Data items

──────────

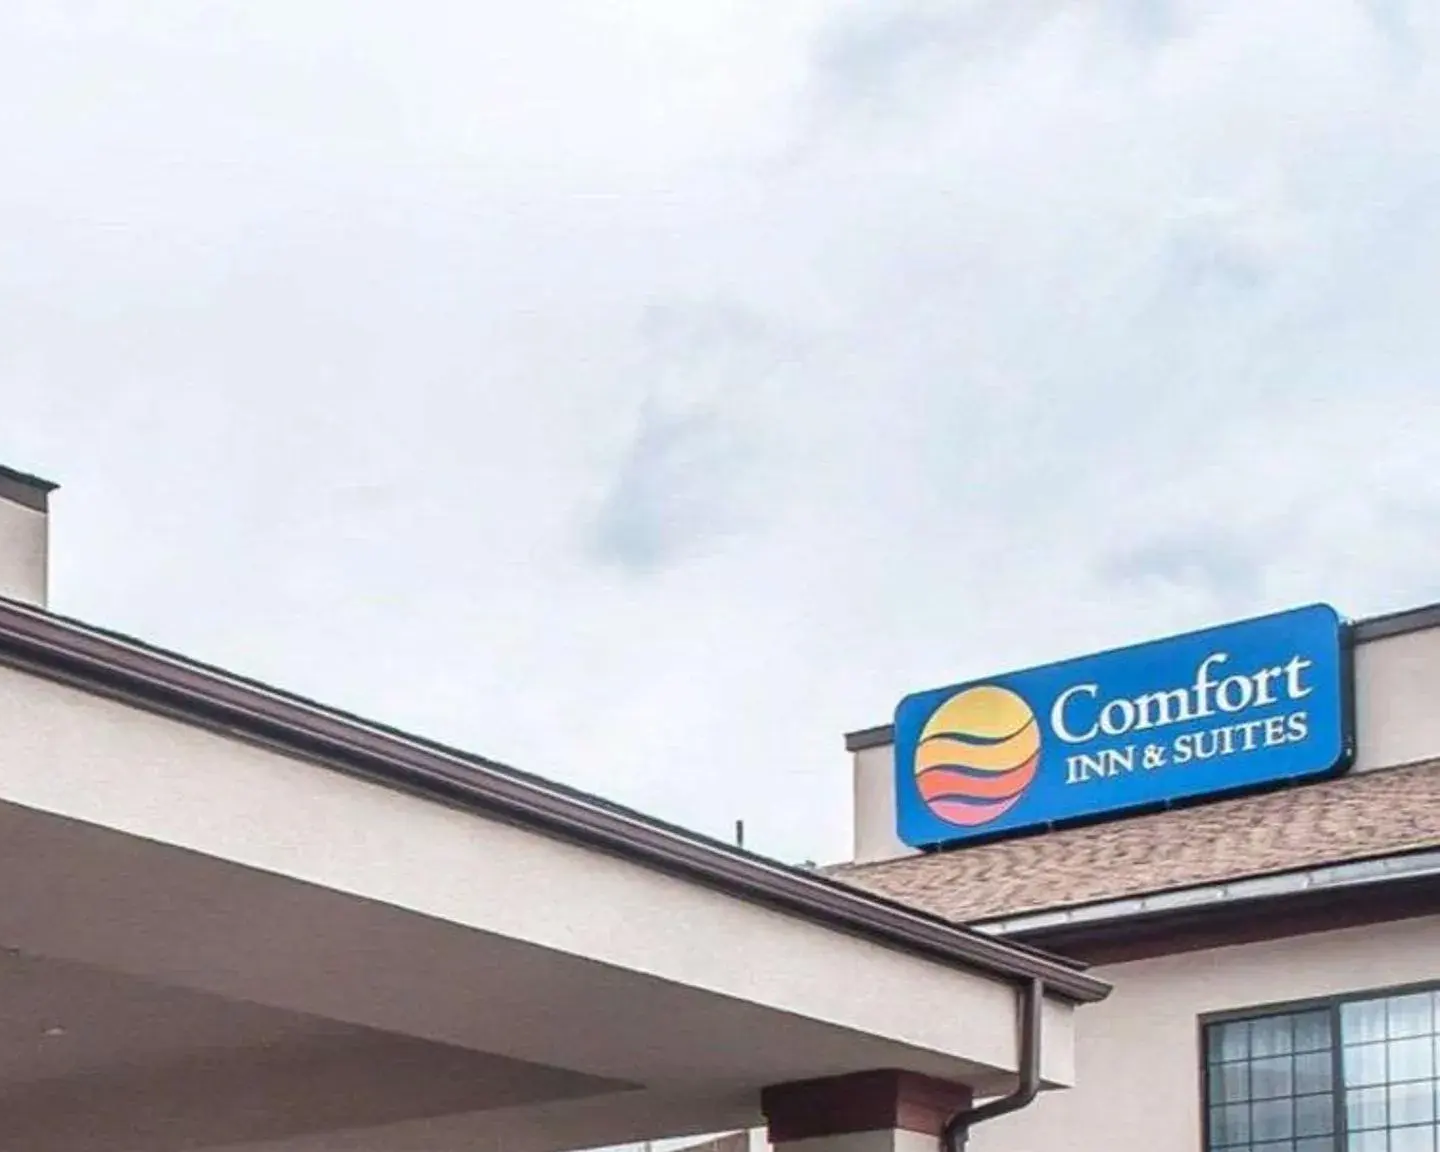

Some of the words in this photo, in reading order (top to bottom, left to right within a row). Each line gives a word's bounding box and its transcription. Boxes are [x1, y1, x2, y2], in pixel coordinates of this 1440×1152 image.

[1050, 652, 1313, 743] Comfort
[1065, 744, 1135, 784] INN
[1142, 744, 1166, 768] &
[1173, 711, 1309, 764] SUITES
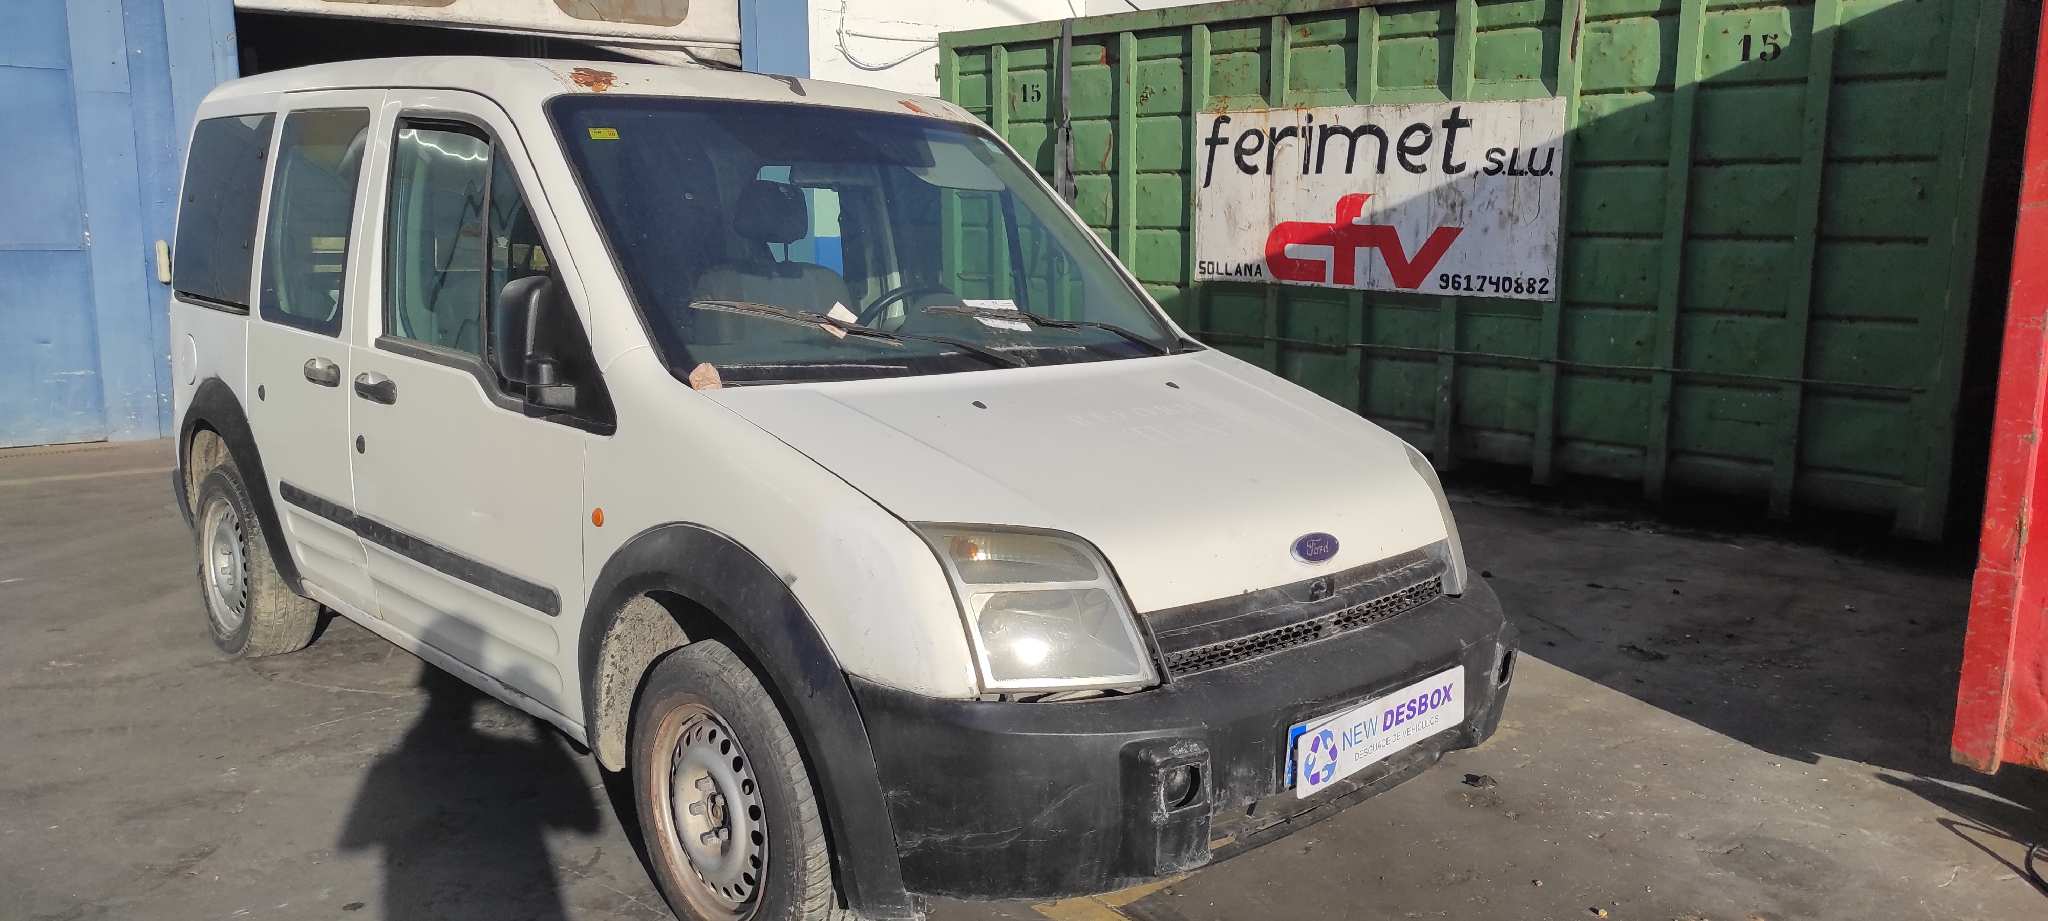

──────────

> REQUIRED WORK:
The data above should be set down again exactly, with the pictures omitted.

> THE COMPLETED TASK:
Some of the words in this photo, in reading order (top to bottom, left to right within a row). Each line gives a word's bounding box and its transcription. Boxes are [x1, y1, x2, y2], in pixel coordinates of this 1440×1152 image.

[1050, 652, 1313, 743] Comfort
[1065, 744, 1135, 784] INN
[1142, 744, 1166, 768] &
[1173, 711, 1309, 764] SUITES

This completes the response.